*** Opening Supplied data ***

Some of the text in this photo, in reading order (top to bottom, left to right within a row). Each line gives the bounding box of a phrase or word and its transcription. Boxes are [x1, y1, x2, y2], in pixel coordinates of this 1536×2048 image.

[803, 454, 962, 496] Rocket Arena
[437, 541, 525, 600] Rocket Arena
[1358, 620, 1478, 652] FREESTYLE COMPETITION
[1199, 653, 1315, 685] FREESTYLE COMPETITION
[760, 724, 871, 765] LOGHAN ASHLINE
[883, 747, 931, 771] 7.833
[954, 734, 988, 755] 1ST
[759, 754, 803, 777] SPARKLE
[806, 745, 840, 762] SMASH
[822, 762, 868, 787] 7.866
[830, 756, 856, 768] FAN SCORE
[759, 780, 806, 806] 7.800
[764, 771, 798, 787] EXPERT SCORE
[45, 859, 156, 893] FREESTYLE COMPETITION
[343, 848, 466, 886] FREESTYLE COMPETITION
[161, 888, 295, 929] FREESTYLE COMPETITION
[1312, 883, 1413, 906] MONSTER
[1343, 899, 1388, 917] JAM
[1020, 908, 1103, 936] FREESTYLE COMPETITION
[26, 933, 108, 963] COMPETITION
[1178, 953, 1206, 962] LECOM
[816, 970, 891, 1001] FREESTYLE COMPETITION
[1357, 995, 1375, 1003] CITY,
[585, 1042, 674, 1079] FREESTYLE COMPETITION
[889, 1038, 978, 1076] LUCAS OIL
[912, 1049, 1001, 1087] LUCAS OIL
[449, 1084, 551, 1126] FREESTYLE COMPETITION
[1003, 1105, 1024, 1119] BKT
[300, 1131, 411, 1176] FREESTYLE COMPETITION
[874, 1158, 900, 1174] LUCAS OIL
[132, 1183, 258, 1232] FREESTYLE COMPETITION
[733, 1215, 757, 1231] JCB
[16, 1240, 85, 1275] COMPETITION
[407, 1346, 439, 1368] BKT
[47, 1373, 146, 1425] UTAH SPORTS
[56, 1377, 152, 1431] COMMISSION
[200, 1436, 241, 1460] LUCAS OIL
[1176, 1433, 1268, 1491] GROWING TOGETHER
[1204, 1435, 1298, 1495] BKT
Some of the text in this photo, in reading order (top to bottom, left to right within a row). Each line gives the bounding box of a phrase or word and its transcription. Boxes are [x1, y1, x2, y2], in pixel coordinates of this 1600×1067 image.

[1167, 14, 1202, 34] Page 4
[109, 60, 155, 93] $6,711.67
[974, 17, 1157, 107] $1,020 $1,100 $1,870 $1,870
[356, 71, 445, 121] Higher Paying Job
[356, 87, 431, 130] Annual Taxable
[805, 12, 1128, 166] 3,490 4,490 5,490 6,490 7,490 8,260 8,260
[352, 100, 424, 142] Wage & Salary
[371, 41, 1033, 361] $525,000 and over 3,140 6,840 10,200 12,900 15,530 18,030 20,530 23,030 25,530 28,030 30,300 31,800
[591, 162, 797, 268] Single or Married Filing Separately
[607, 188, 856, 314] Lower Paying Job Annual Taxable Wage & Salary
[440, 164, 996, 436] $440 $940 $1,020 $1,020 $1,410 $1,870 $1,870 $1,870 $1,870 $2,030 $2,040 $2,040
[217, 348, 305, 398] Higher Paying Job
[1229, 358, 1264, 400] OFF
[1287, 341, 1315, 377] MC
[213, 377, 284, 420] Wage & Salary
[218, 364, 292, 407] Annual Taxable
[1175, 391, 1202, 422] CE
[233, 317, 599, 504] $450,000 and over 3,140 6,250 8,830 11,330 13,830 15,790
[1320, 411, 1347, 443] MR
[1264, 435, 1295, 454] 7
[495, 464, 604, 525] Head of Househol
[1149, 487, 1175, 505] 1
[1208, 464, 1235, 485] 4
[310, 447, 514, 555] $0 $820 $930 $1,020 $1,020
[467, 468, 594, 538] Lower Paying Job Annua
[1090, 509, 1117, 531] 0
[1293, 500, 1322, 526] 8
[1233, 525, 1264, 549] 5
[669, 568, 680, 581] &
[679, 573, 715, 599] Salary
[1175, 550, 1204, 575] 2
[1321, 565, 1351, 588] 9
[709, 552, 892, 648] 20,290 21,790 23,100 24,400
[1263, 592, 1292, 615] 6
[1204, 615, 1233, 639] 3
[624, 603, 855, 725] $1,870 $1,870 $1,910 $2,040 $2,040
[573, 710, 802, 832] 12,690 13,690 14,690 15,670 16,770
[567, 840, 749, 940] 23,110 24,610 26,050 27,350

*** Closing Supplied data ***

▶ [Task item]
I'd like every record written out exactly as given.

▶ [Exercise response]
Some of the text in this photo, in reading order (top to bottom, left to right within a row). Each line gives the bounding box of a phrase or word and its transcription. Boxes are [x1, y1, x2, y2], in pixel coordinates of this 1536×2048 image.

[803, 454, 962, 496] Rocket Arena
[437, 541, 525, 600] Rocket Arena
[1358, 620, 1478, 652] FREESTYLE COMPETITION
[1199, 653, 1315, 685] FREESTYLE COMPETITION
[760, 724, 871, 765] LOGHAN ASHLINE
[883, 747, 931, 771] 7.833
[954, 734, 988, 755] 1ST
[759, 754, 803, 777] SPARKLE
[806, 745, 840, 762] SMASH
[822, 762, 868, 787] 7.866
[830, 756, 856, 768] FAN SCORE
[759, 780, 806, 806] 7.800
[764, 771, 798, 787] EXPERT SCORE
[45, 859, 156, 893] FREESTYLE COMPETITION
[343, 848, 466, 886] FREESTYLE COMPETITION
[161, 888, 295, 929] FREESTYLE COMPETITION
[1312, 883, 1413, 906] MONSTER
[1343, 899, 1388, 917] JAM
[1020, 908, 1103, 936] FREESTYLE COMPETITION
[26, 933, 108, 963] COMPETITION
[1178, 953, 1206, 962] LECOM
[816, 970, 891, 1001] FREESTYLE COMPETITION
[1357, 995, 1375, 1003] CITY,
[585, 1042, 674, 1079] FREESTYLE COMPETITION
[889, 1038, 978, 1076] LUCAS OIL
[912, 1049, 1001, 1087] LUCAS OIL
[449, 1084, 551, 1126] FREESTYLE COMPETITION
[1003, 1105, 1024, 1119] BKT
[300, 1131, 411, 1176] FREESTYLE COMPETITION
[874, 1158, 900, 1174] LUCAS OIL
[132, 1183, 258, 1232] FREESTYLE COMPETITION
[733, 1215, 757, 1231] JCB
[16, 1240, 85, 1275] COMPETITION
[407, 1346, 439, 1368] BKT
[47, 1373, 146, 1425] UTAH SPORTS
[56, 1377, 152, 1431] COMMISSION
[200, 1436, 241, 1460] LUCAS OIL
[1176, 1433, 1268, 1491] GROWING TOGETHER
[1204, 1435, 1298, 1495] BKT
Some of the text in this photo, in reading order (top to bottom, left to right within a row). Each line gives the bounding box of a phrase or word and its transcription. Boxes are [x1, y1, x2, y2], in pixel coordinates of this 1600×1067 image.

[1167, 14, 1202, 34] Page 4
[109, 60, 155, 93] $6,711.67
[974, 17, 1157, 107] $1,020 $1,100 $1,870 $1,870
[356, 71, 445, 121] Higher Paying Job
[356, 87, 431, 130] Annual Taxable
[805, 12, 1128, 166] 3,490 4,490 5,490 6,490 7,490 8,260 8,260
[352, 100, 424, 142] Wage & Salary
[371, 41, 1033, 361] $525,000 and over 3,140 6,840 10,200 12,900 15,530 18,030 20,530 23,030 25,530 28,030 30,300 31,800
[591, 162, 797, 268] Single or Married Filing Separately
[607, 188, 856, 314] Lower Paying Job Annual Taxable Wage & Salary
[440, 164, 996, 436] $440 $940 $1,020 $1,020 $1,410 $1,870 $1,870 $1,870 $1,870 $2,030 $2,040 $2,040
[217, 348, 305, 398] Higher Paying Job
[1229, 358, 1264, 400] OFF
[1287, 341, 1315, 377] MC
[213, 377, 284, 420] Wage & Salary
[218, 364, 292, 407] Annual Taxable
[1175, 391, 1202, 422] CE
[233, 317, 599, 504] $450,000 and over 3,140 6,250 8,830 11,330 13,830 15,790
[1320, 411, 1347, 443] MR
[1264, 435, 1295, 454] 7
[495, 464, 604, 525] Head of Househol
[1149, 487, 1175, 505] 1
[1208, 464, 1235, 485] 4
[310, 447, 514, 555] $0 $820 $930 $1,020 $1,020
[467, 468, 594, 538] Lower Paying Job Annua
[1090, 509, 1117, 531] 0
[1293, 500, 1322, 526] 8
[1233, 525, 1264, 549] 5
[669, 568, 680, 581] &
[679, 573, 715, 599] Salary
[1175, 550, 1204, 575] 2
[1321, 565, 1351, 588] 9
[709, 552, 892, 648] 20,290 21,790 23,100 24,400
[1263, 592, 1292, 615] 6
[1204, 615, 1233, 639] 3
[624, 603, 855, 725] $1,870 $1,870 $1,910 $2,040 $2,040
[573, 710, 802, 832] 12,690 13,690 14,690 15,670 16,770
[567, 840, 749, 940] 23,110 24,610 26,050 27,350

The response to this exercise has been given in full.